Thursday, February 14, 2008

Mrs. Warren - February 14th

Feb. 14, 2008

Allan stuck his finger out at me tonight on one of his lines and I responded by making a fake chomp at it with my teeth. Wonderful! You never stop discovering new things. Even up until the closing performance. That’s part of what makes it all worthwhile and keeps the fun going. Else you “phone it in” as I have seen man an actor do, and the audience knows when you’re doing that.

At this stage - with only three performances left, one begin to think about things a little differently. If you loathe the show you’re in, you can’t wait for it to be over. And many a time you actually mark Xs on your calendar with glee. A countdown to the end of misery. I’ve done that on occasion. But usually it has to do more with when you’ll be rid of a miserable director, than the play itself. You can’t WAIT for him to be out of your hair. Usually directors leave the day after opening. Though there are times when some wretch will come back and give you periodic notes in a long run. Usually that’s left to a competent stage manager to do. And some of THEM can be pretty obnoxious too, when they want to play director and think they ARE. But that’s another story. Our Stage Manager, Catherine, is just a joy.

Anyway, one tends to start cutting up a bit more when you know you’ve only a few performances left. You suddenly take more chances. This is, after all, your last opportunity to perfect it, or try something new. For in a few days it will be history. The waves will roll in and high tide will demolish your pretty sand castle. It will only be a memory in the minds and perhaps the hearts of those who witnessed it.

Thoughts also stray to those regions of: “I wonder when I’ll work again? Will they have me back? Have I made any difference?”

I always used to think that I had made lifelong friends during a show. For the camaraderie is not terribly unlike that of a soldier in a war, I would imagine. Intense times and emotional revelations and sharings. You allow yourself utter vulnerability on stage with a stranger and that tends to bond you. Or so I always thought.

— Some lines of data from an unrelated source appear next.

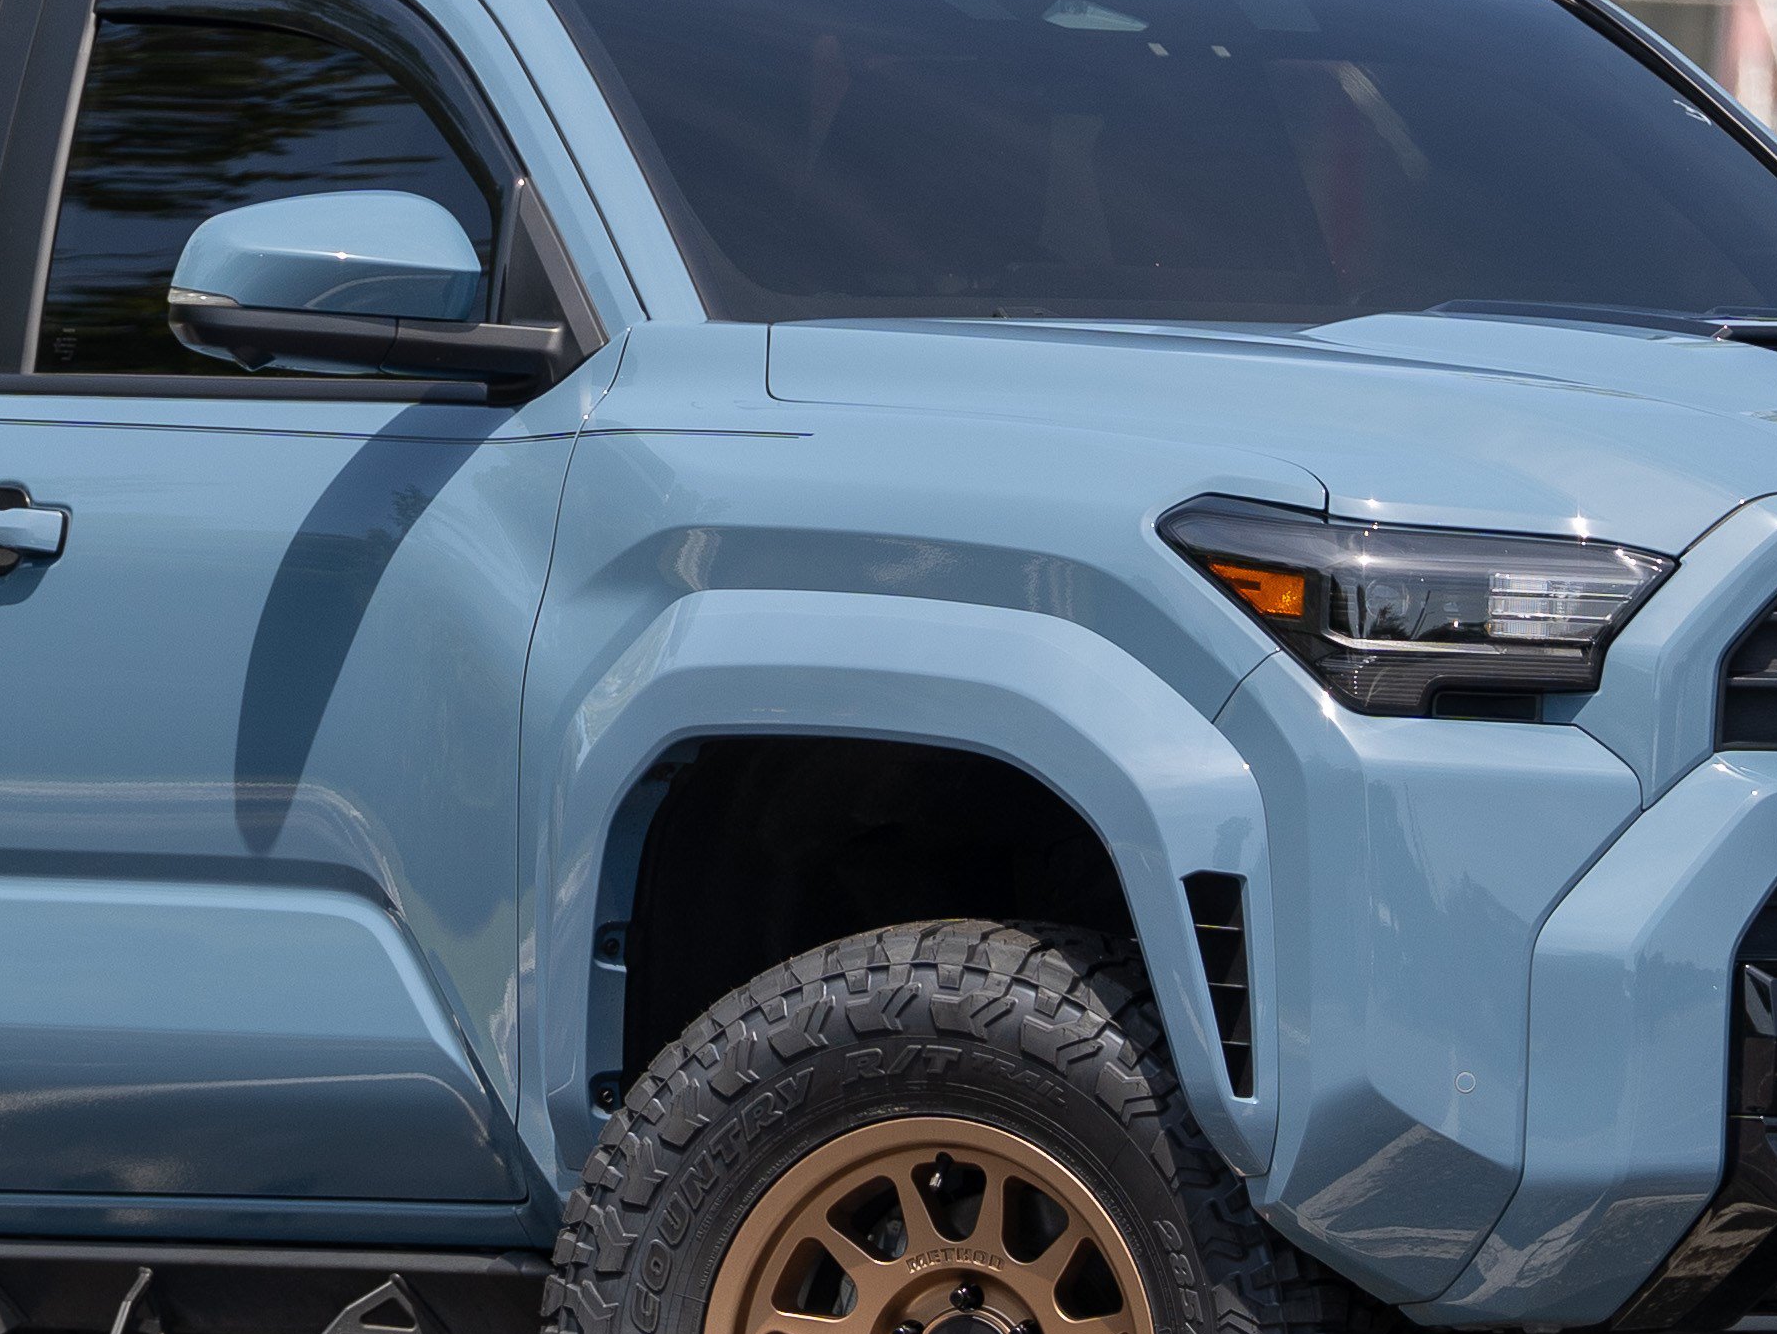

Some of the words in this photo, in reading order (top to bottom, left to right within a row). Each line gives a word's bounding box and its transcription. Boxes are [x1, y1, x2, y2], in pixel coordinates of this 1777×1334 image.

[630, 1067, 814, 1334] COUNTRY
[842, 1043, 963, 1085] R/T
[905, 1247, 1006, 1274] METHOD
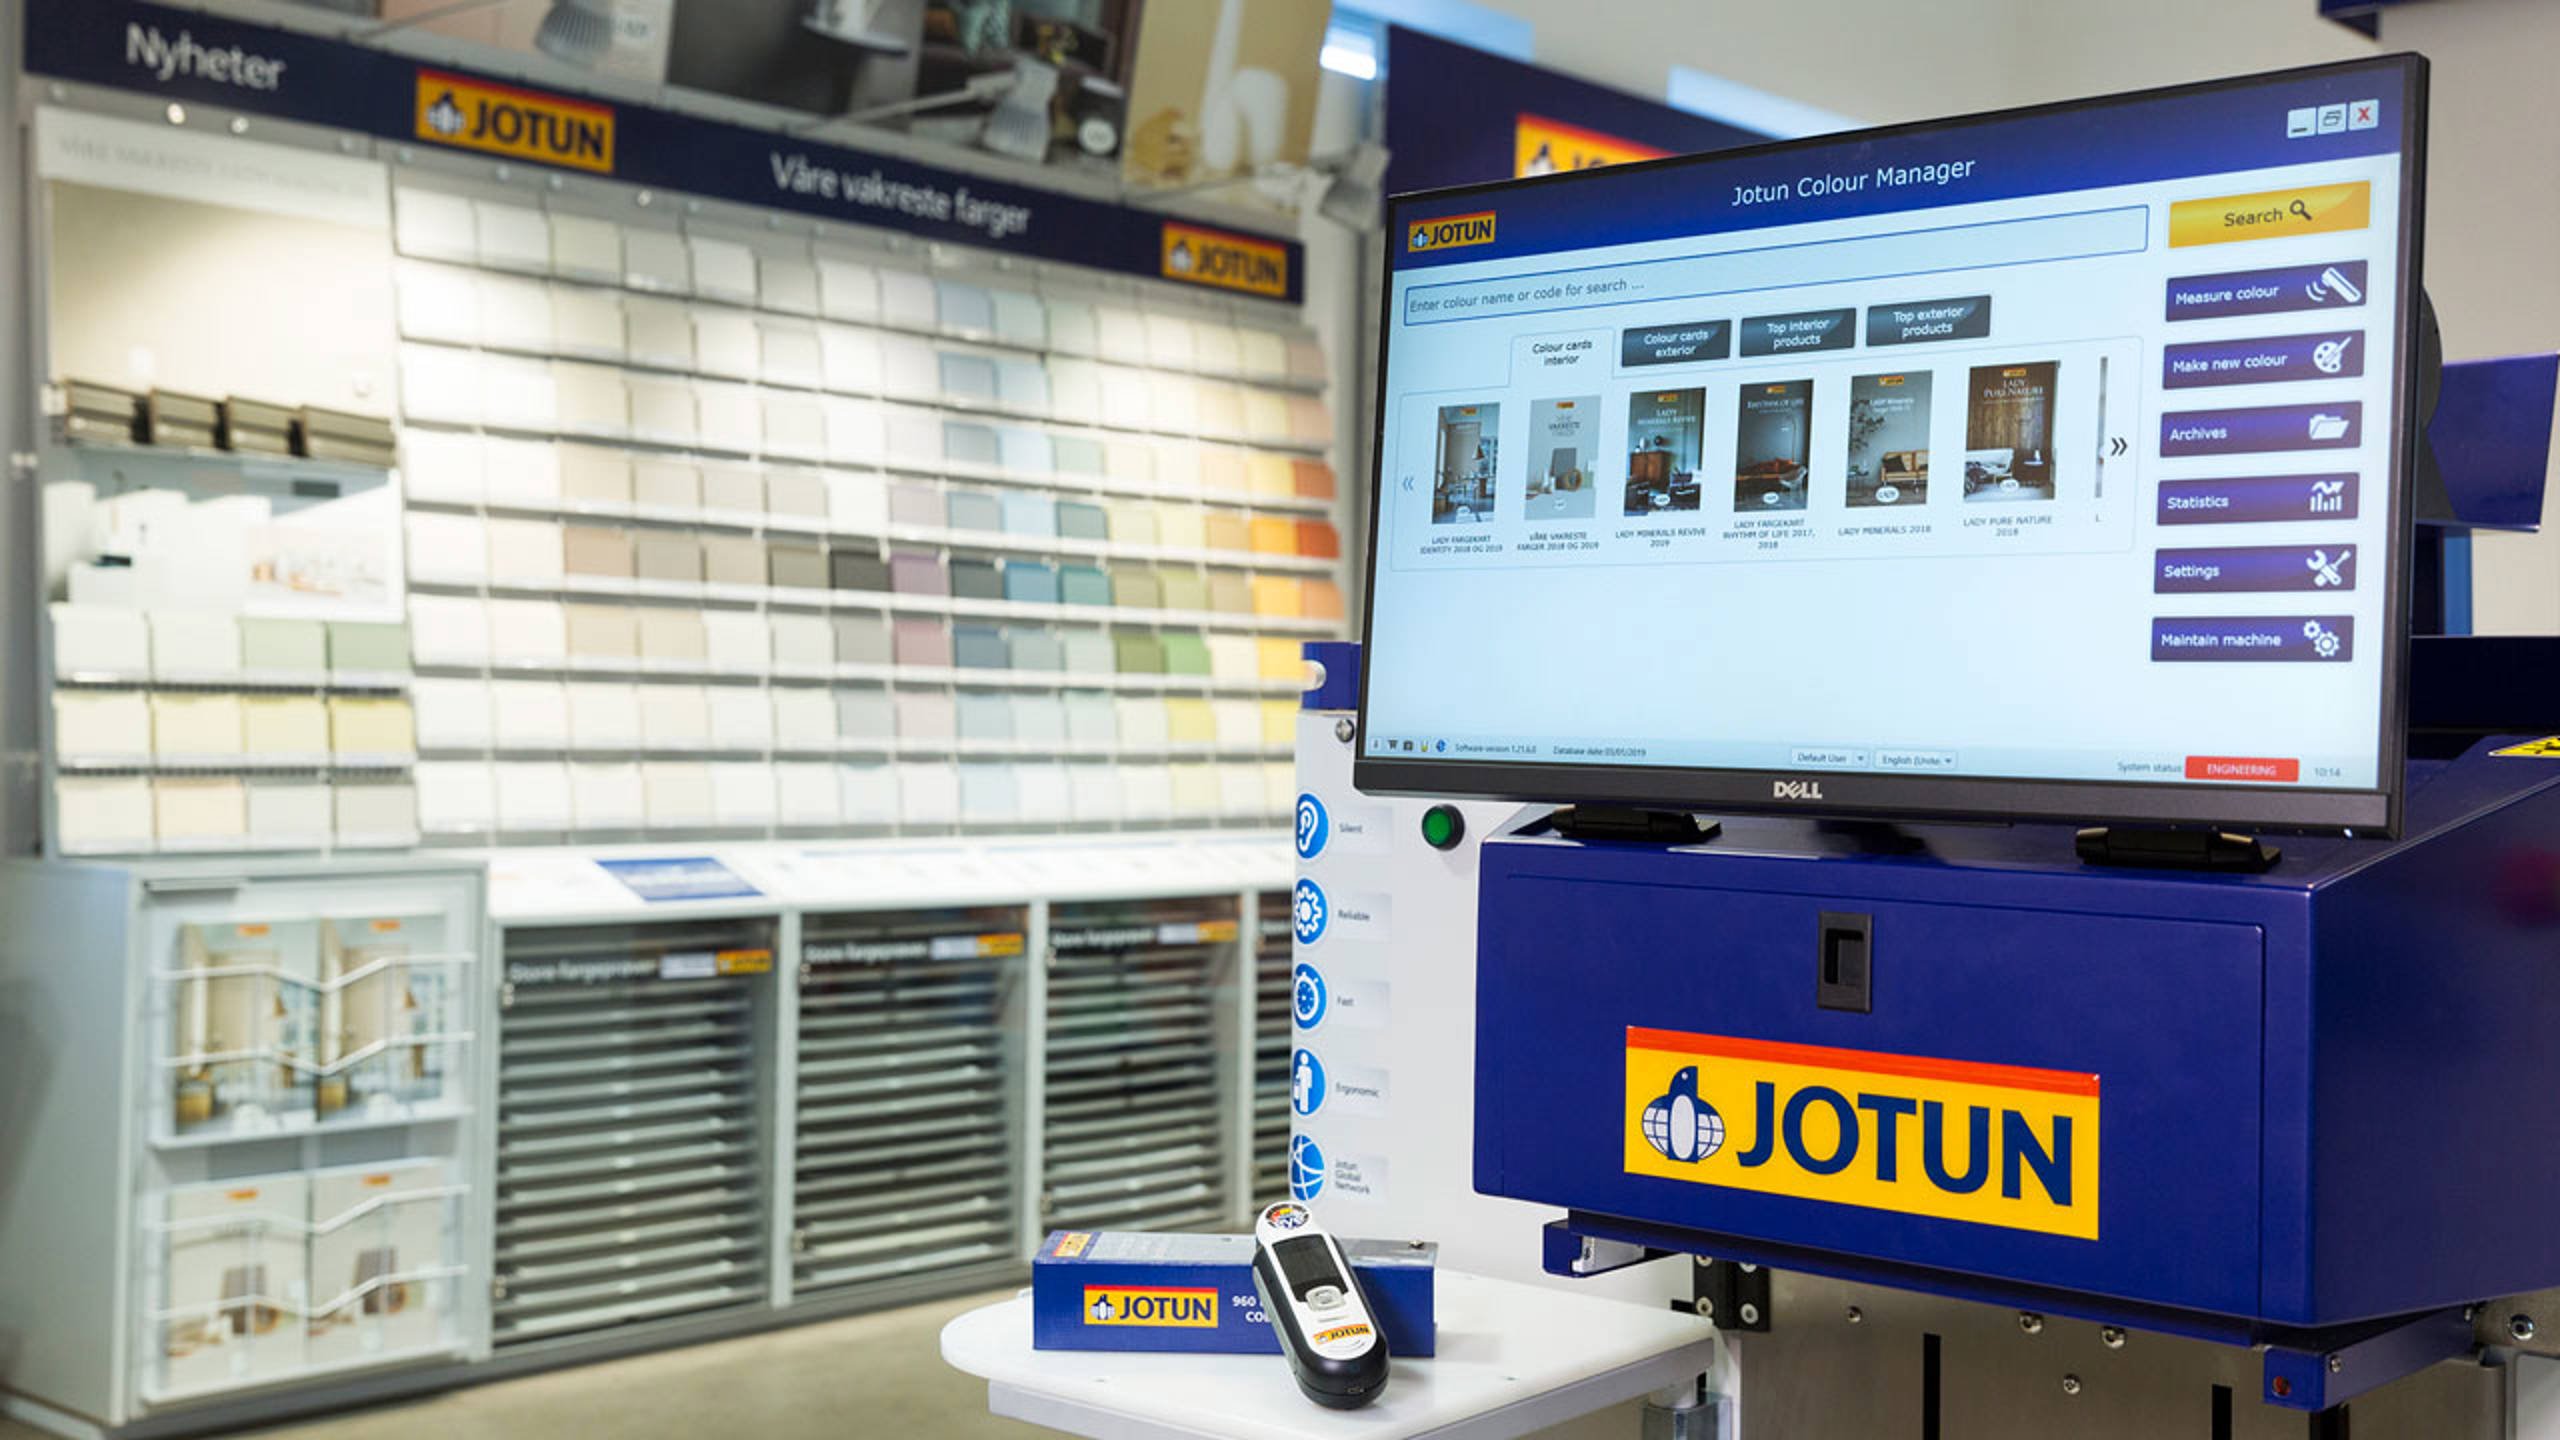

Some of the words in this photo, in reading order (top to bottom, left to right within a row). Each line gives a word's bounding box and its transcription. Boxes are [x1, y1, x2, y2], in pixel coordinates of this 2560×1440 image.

[126, 22, 286, 90] Nyheter
[471, 101, 606, 159] JOTUN
[1732, 181, 1789, 206] Jotun
[1797, 172, 1869, 198] Colour
[1876, 159, 1976, 188] Manager
[769, 151, 839, 198] Våre
[841, 169, 951, 221] vakreste
[955, 186, 1031, 239] farger
[2224, 206, 2283, 227] Search
[1430, 219, 1492, 246] JOTUN
[1198, 243, 1279, 285] JOTUN
[1409, 299, 1440, 312] Enter
[1443, 294, 1477, 309] colour
[1481, 292, 1514, 305] name
[1518, 290, 1531, 301] or
[1533, 284, 1562, 299] code
[1566, 283, 1583, 296] for
[1586, 279, 1627, 294] search
[2175, 289, 2232, 305] Measure
[2236, 286, 2280, 300] colour
[1894, 311, 1914, 326] Top
[1917, 306, 1965, 321] exterior
[1767, 322, 1787, 337] Top
[1789, 317, 1830, 331] interior
[1902, 322, 1953, 339] products
[1644, 332, 1678, 344] Colour
[1680, 329, 1709, 341] cards
[1773, 334, 1821, 350] products
[1532, 343, 1564, 354] Colour
[1566, 339, 1592, 351] cards
[1655, 345, 1696, 358] exterior
[1543, 354, 1579, 366] interior
[2173, 359, 2208, 373] Make
[2212, 357, 2240, 369] new
[2245, 354, 2288, 367] colour
[2169, 427, 2227, 441] Archives
[2167, 495, 2229, 510] Statistics
[2164, 565, 2220, 581] Settings
[2161, 633, 2219, 647] Maintain
[2223, 633, 2281, 647] machine
[1798, 751, 1826, 762] Default
[1882, 754, 1912, 766] English
[2117, 761, 2150, 774] System
[2153, 762, 2182, 773] status
[2207, 763, 2277, 777] ENGINEERING
[1773, 780, 1822, 799] DELL
[1339, 822, 1363, 834] Silent
[1338, 909, 1371, 922] Reliable
[1337, 996, 1354, 1007] Fast
[1737, 1081, 2073, 1207] JOTUN
[1119, 1296, 1211, 1320] JOTUN
[1232, 1295, 1257, 1307] 960
[1331, 1326, 1370, 1340] JOTUN

I was one that often fell in love with my leading man because when I was on stage with him I WAS in love with him. (My character was.) It took me many years to realize that I was simply in love with the character he portrayed and not the actor himself. It also took me many years to realize that the camaraderie I felt with fellow cast and crew did not create a watertight bond as I would have wished. Oh you can pick up where you left off should you work together in another show or meet them on the street. But rarely does anyone get a permanent place in the address book.